-- WHAT IS BEING ASKED --
Give the data below again exactly as it stands. Omit the pictures.

-- GIVEN RECORDS --
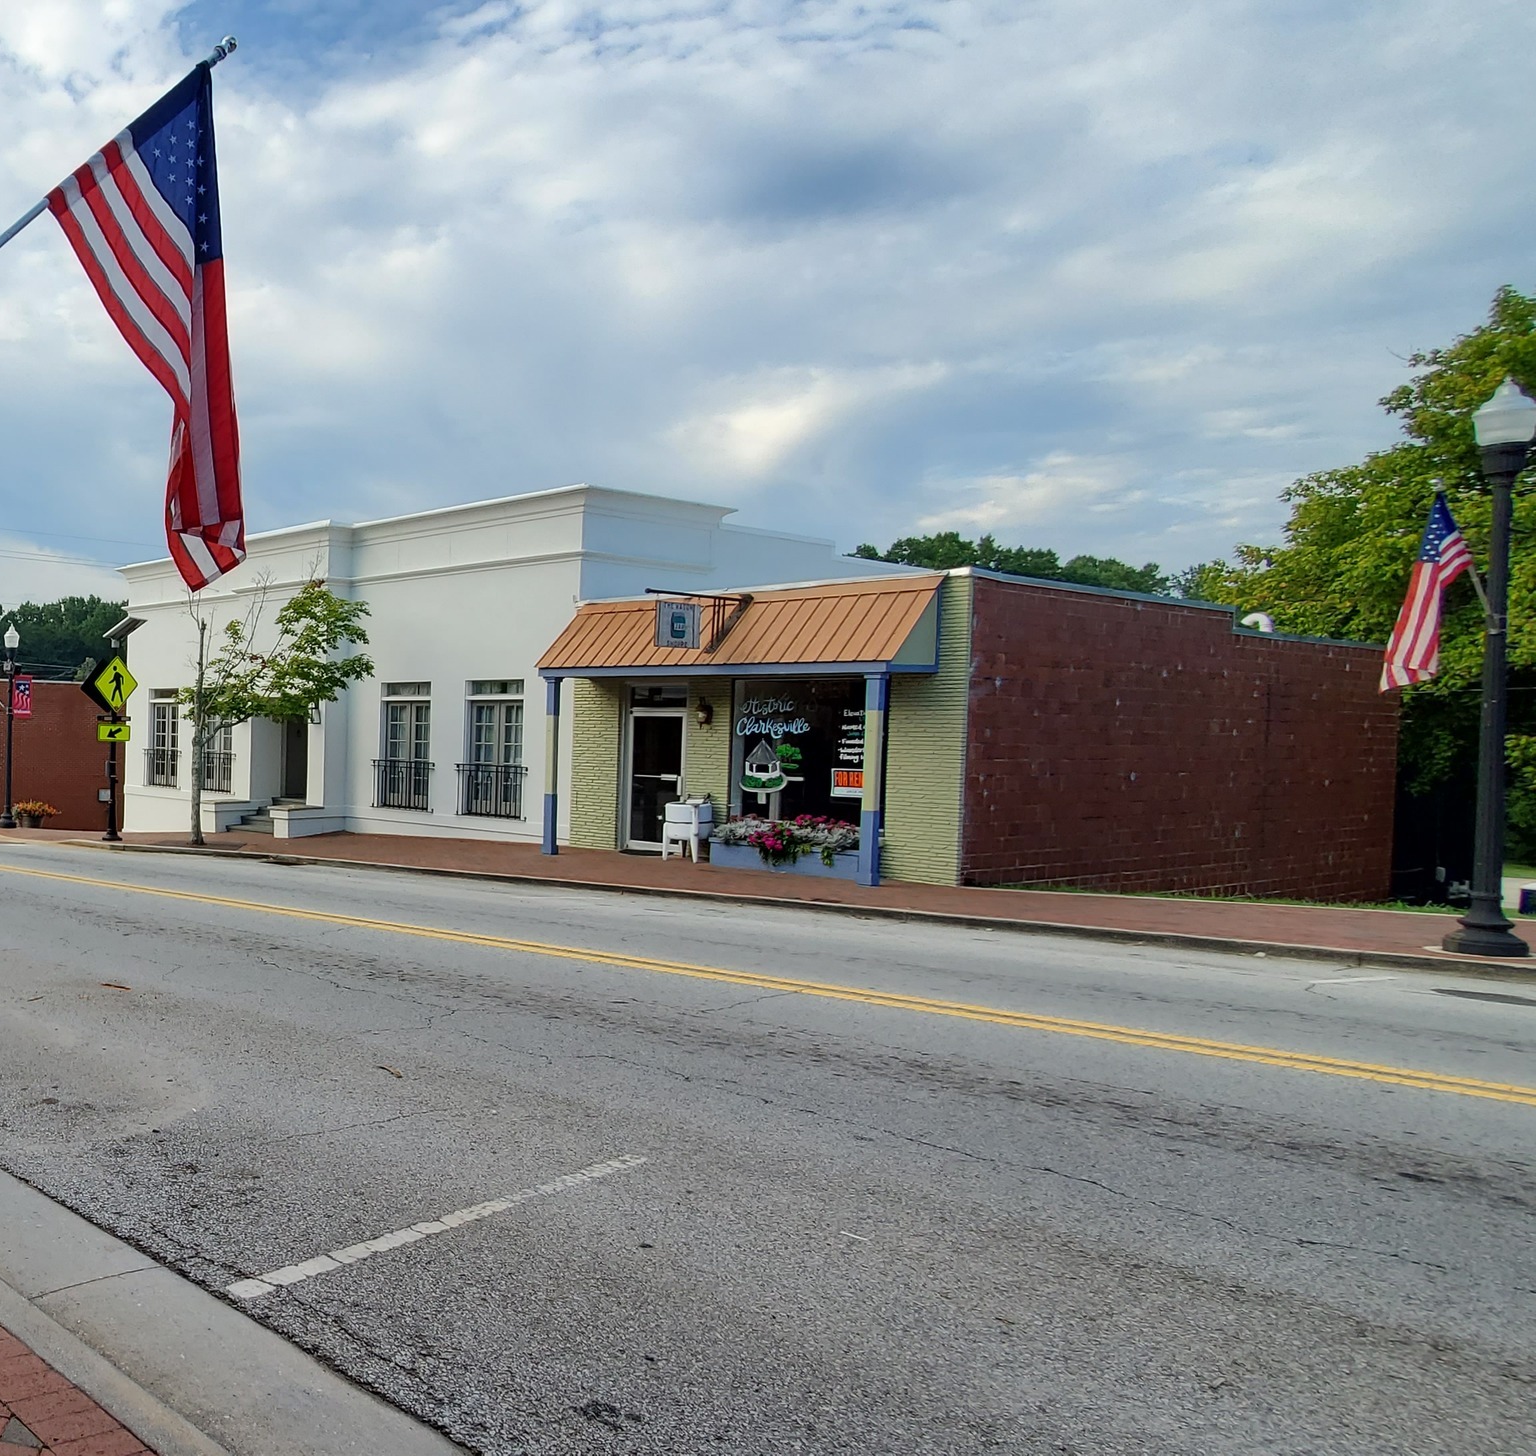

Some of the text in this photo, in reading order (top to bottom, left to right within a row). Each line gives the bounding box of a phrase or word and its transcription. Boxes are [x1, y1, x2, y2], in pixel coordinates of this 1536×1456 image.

[740, 692, 795, 715] Historic
[736, 716, 811, 739] Clarkesville
[834, 771, 848, 786] FOR
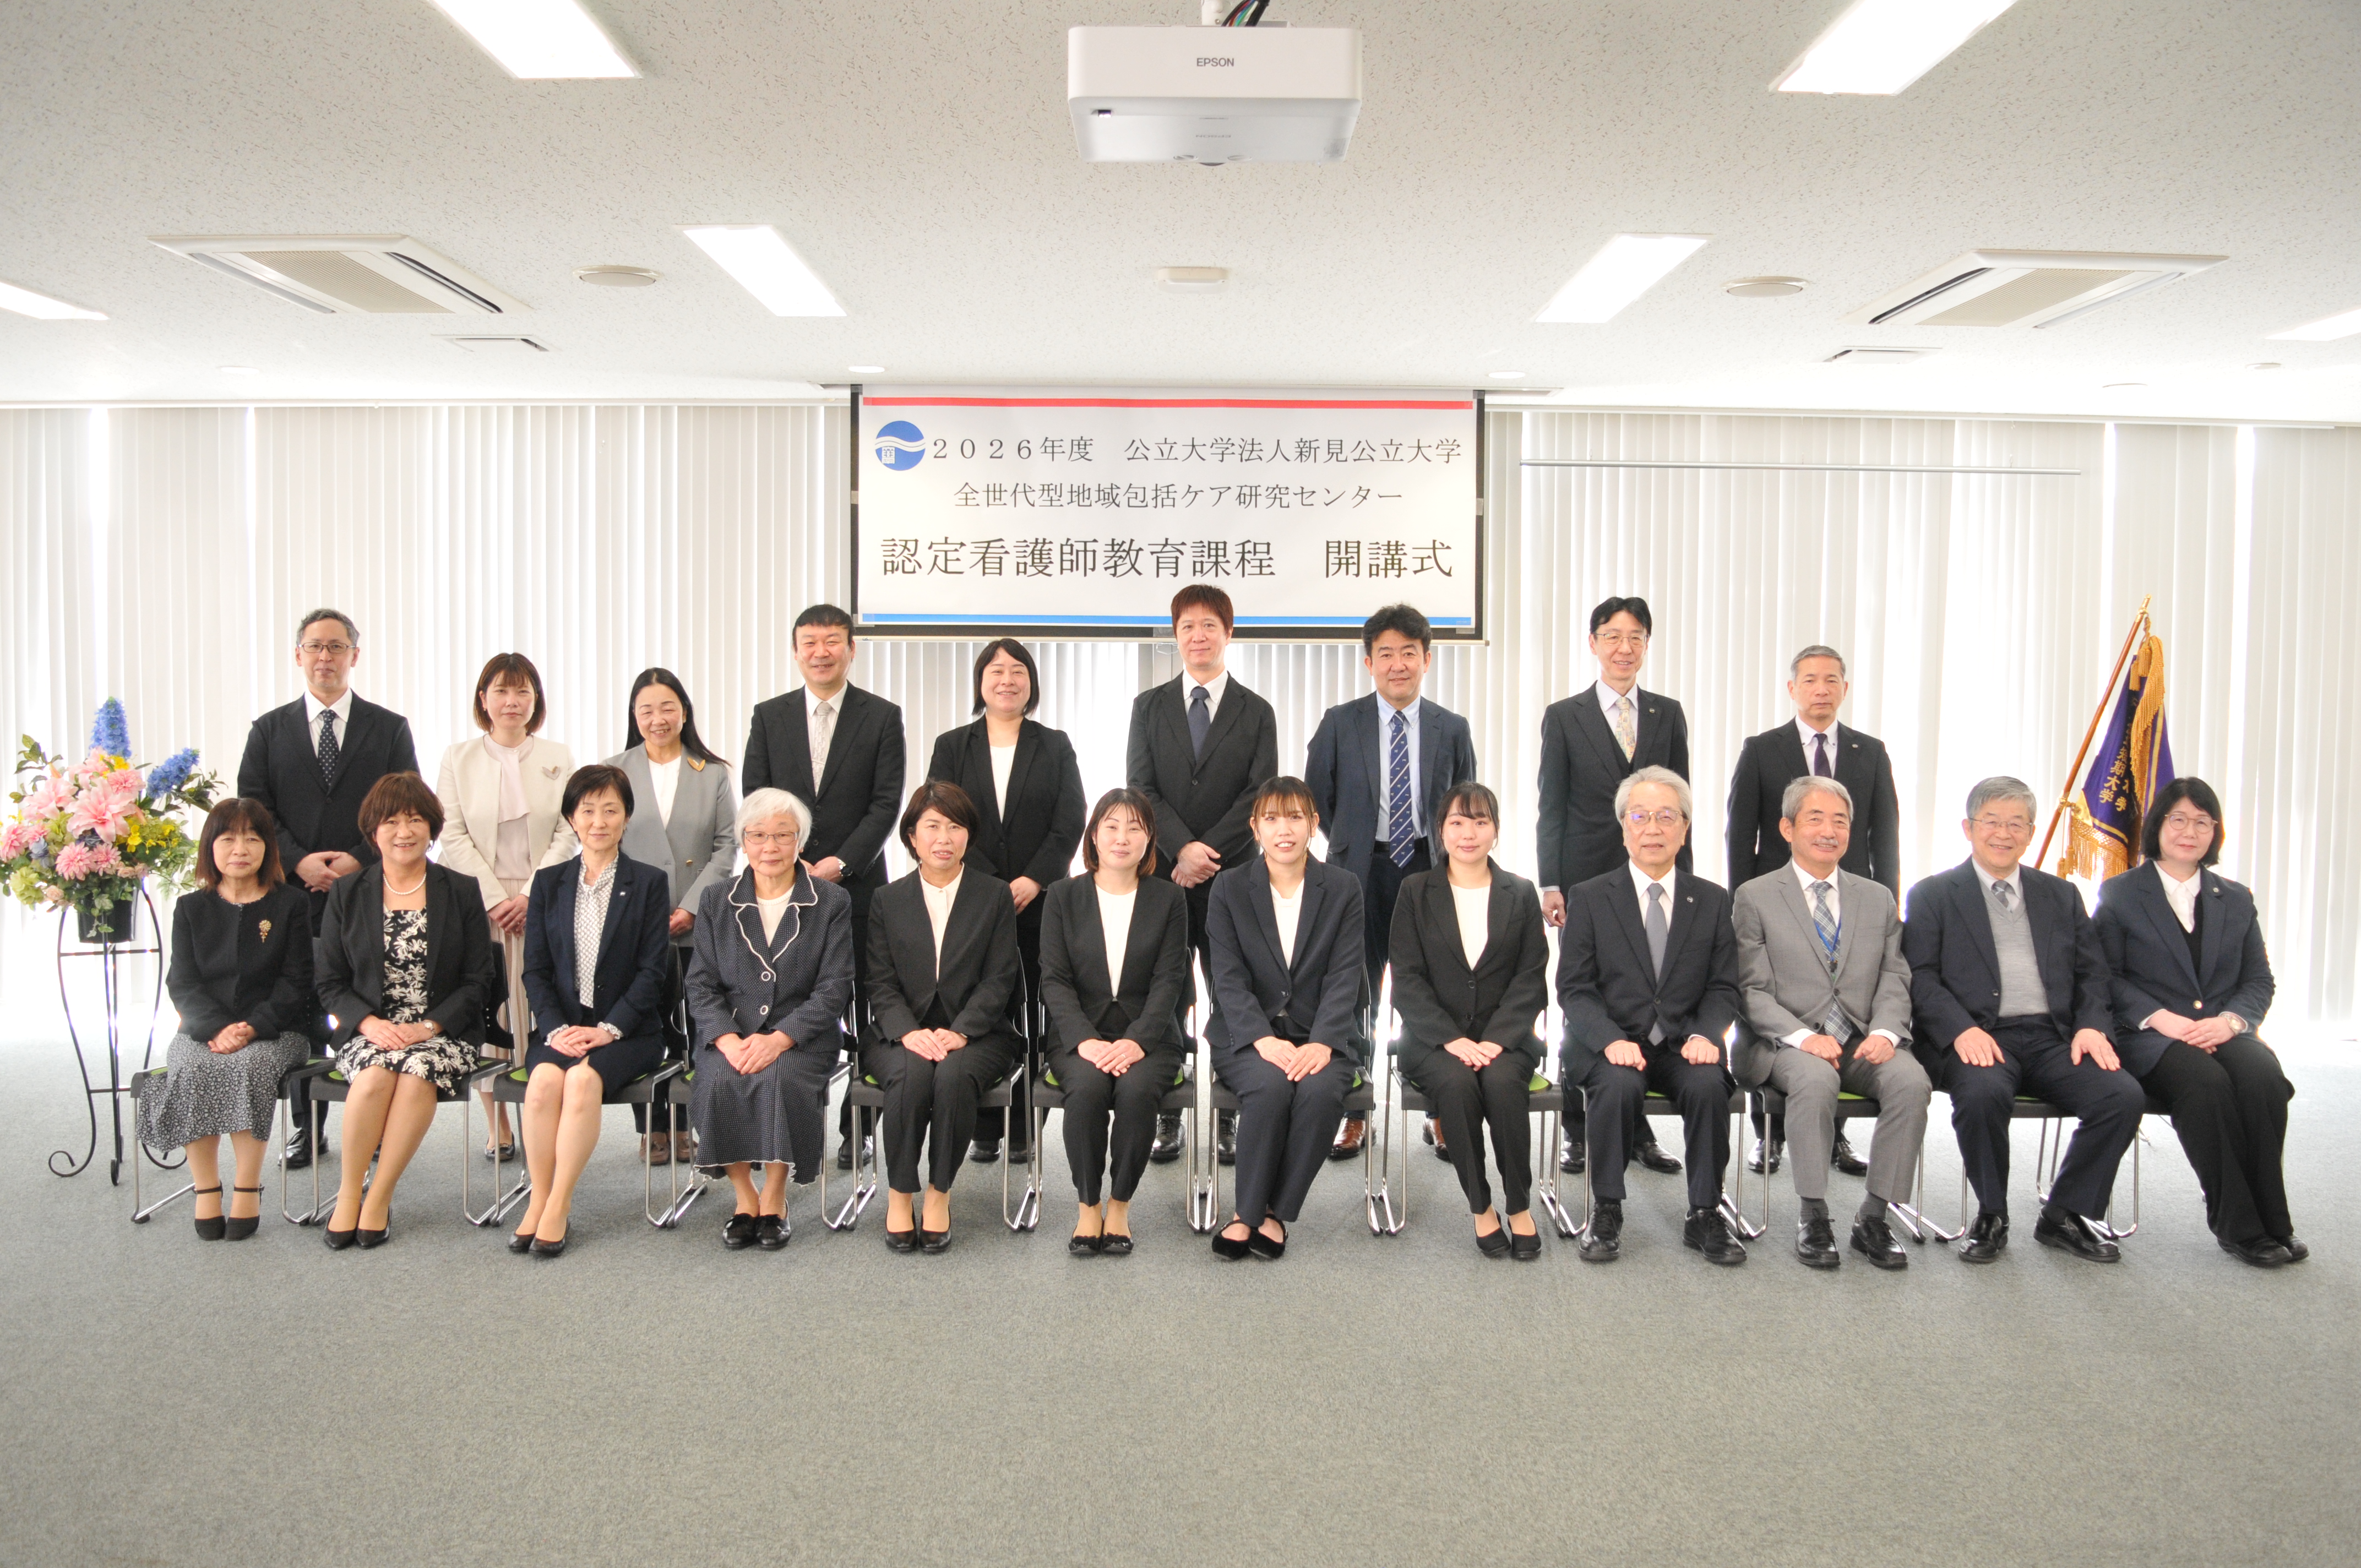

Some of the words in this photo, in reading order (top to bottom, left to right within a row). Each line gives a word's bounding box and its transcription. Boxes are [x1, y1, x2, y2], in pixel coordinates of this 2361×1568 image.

-- REPLY --
Some of the text in this photo, in reading order (top to bottom, left to right within a row). Each line gives the bounding box of a phrase or word and its transcription. Boxes are [x1, y1, x2, y2], in pixel coordinates of this 1536×1456 image.

[740, 692, 795, 715] Historic
[736, 716, 811, 739] Clarkesville
[834, 771, 848, 786] FOR

Some of the words in this photo, in reading order (top to bottom, left to right within a row). Each line gives a word's bounding box and its transcription. Boxes are [x1, y1, x2, y2], in pixel coordinates of this 2361×1568 image.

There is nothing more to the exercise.